EXERCISE PROMPT
Output each record exactly as given. Leave out every picture.

▬▬▬▬▬▬

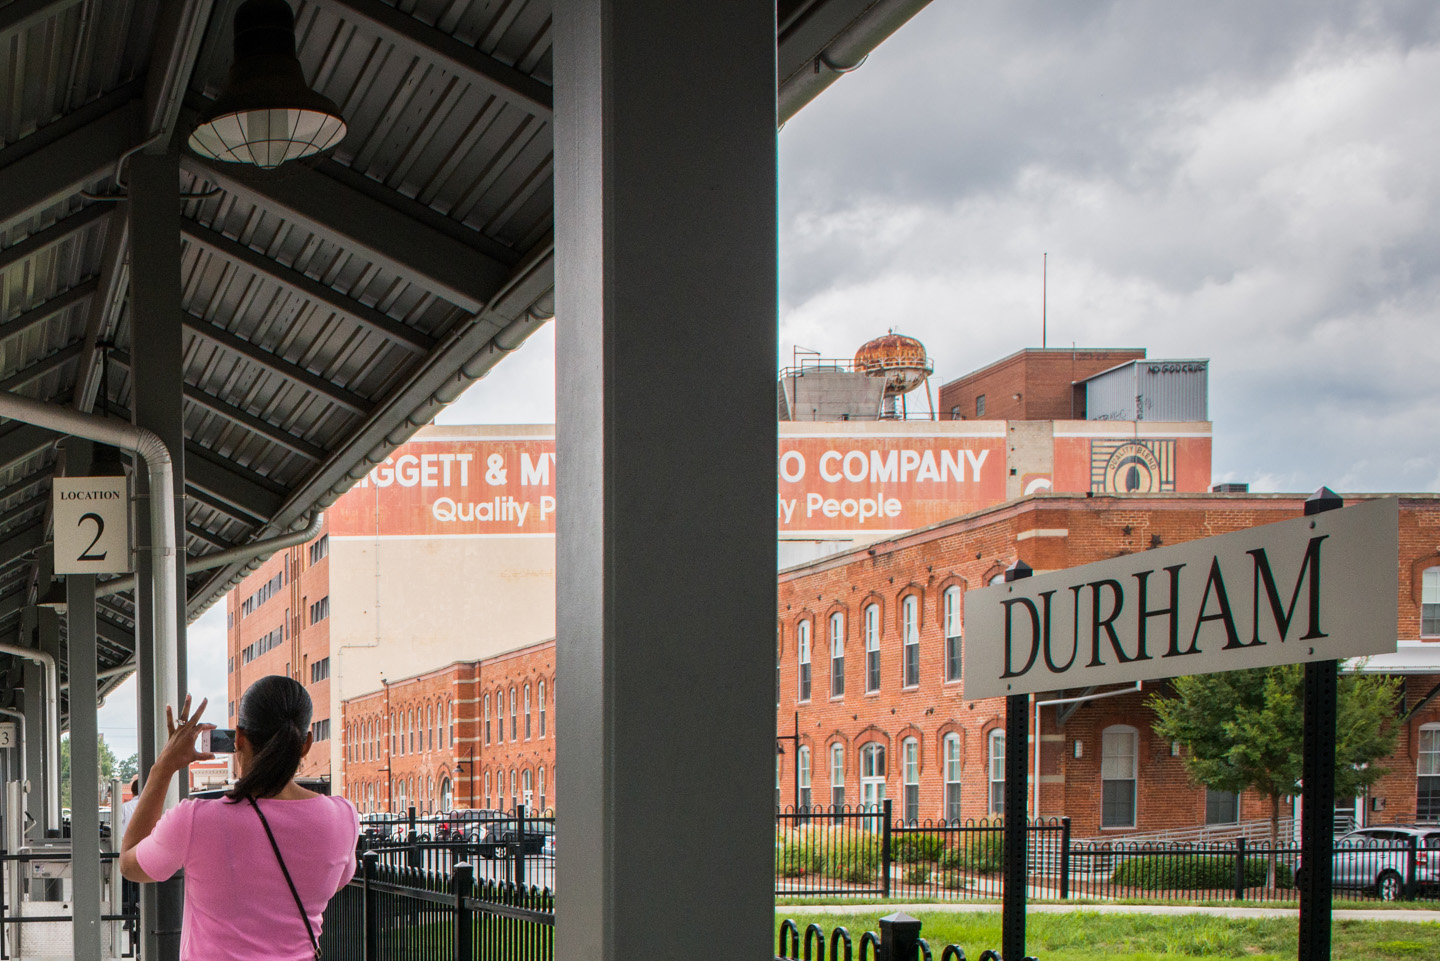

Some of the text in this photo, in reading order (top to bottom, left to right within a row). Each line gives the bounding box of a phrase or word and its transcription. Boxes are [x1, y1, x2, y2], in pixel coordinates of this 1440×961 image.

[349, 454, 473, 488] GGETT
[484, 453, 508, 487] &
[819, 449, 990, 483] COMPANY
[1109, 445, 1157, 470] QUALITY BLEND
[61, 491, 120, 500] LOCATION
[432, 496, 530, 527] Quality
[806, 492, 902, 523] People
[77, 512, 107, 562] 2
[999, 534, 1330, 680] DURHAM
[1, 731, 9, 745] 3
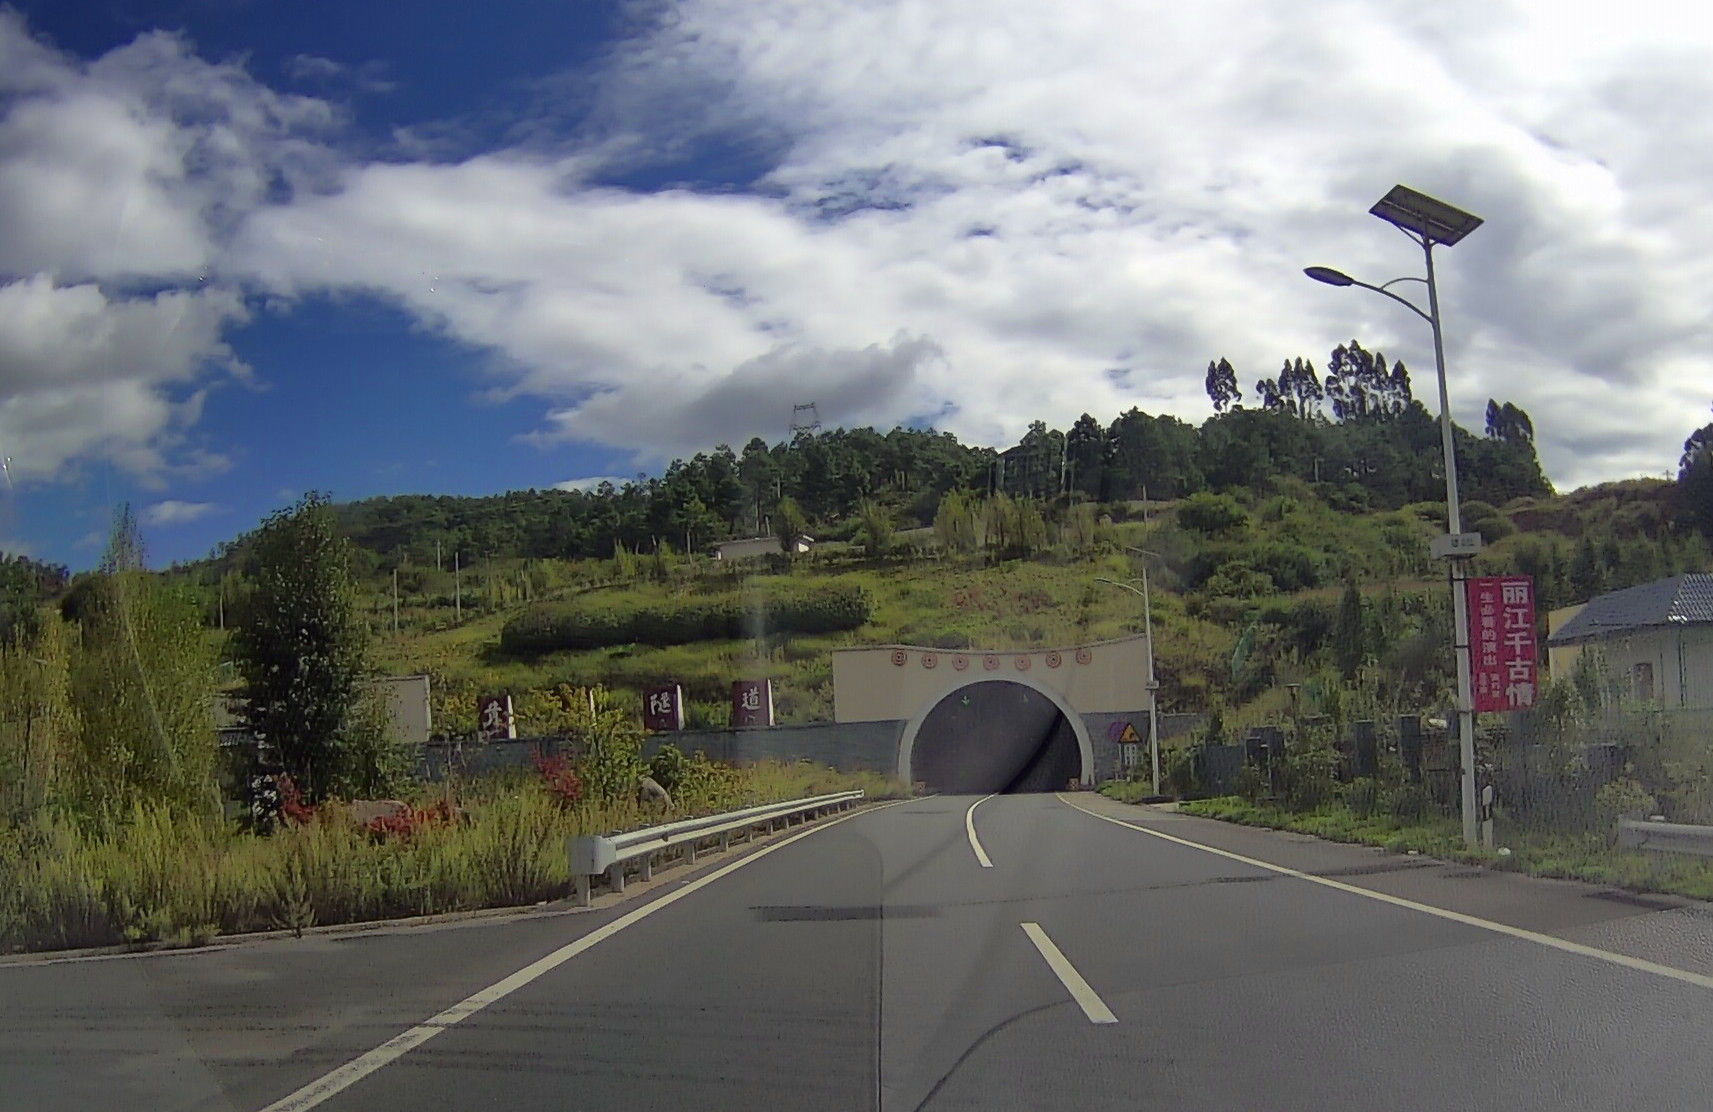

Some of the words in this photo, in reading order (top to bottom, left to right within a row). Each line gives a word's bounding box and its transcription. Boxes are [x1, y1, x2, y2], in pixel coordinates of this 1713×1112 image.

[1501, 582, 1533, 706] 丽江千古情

▬▬▬▬▬▬

TASK ANSWER
Some of the text in this photo, in reading order (top to bottom, left to right within a row). Each line gives the bounding box of a phrase or word and its transcription. Boxes are [x1, y1, x2, y2], in pixel coordinates of this 1440×961 image.

[349, 454, 473, 488] GGETT
[484, 453, 508, 487] &
[819, 449, 990, 483] COMPANY
[1109, 445, 1157, 470] QUALITY BLEND
[61, 491, 120, 500] LOCATION
[432, 496, 530, 527] Quality
[806, 492, 902, 523] People
[77, 512, 107, 562] 2
[999, 534, 1330, 680] DURHAM
[1, 731, 9, 745] 3

Some of the words in this photo, in reading order (top to bottom, left to right within a row). Each line gives a word's bounding box and its transcription. Boxes are [x1, y1, x2, y2], in pixel coordinates of this 1713×1112 image.

[1501, 582, 1533, 706] 丽江千古情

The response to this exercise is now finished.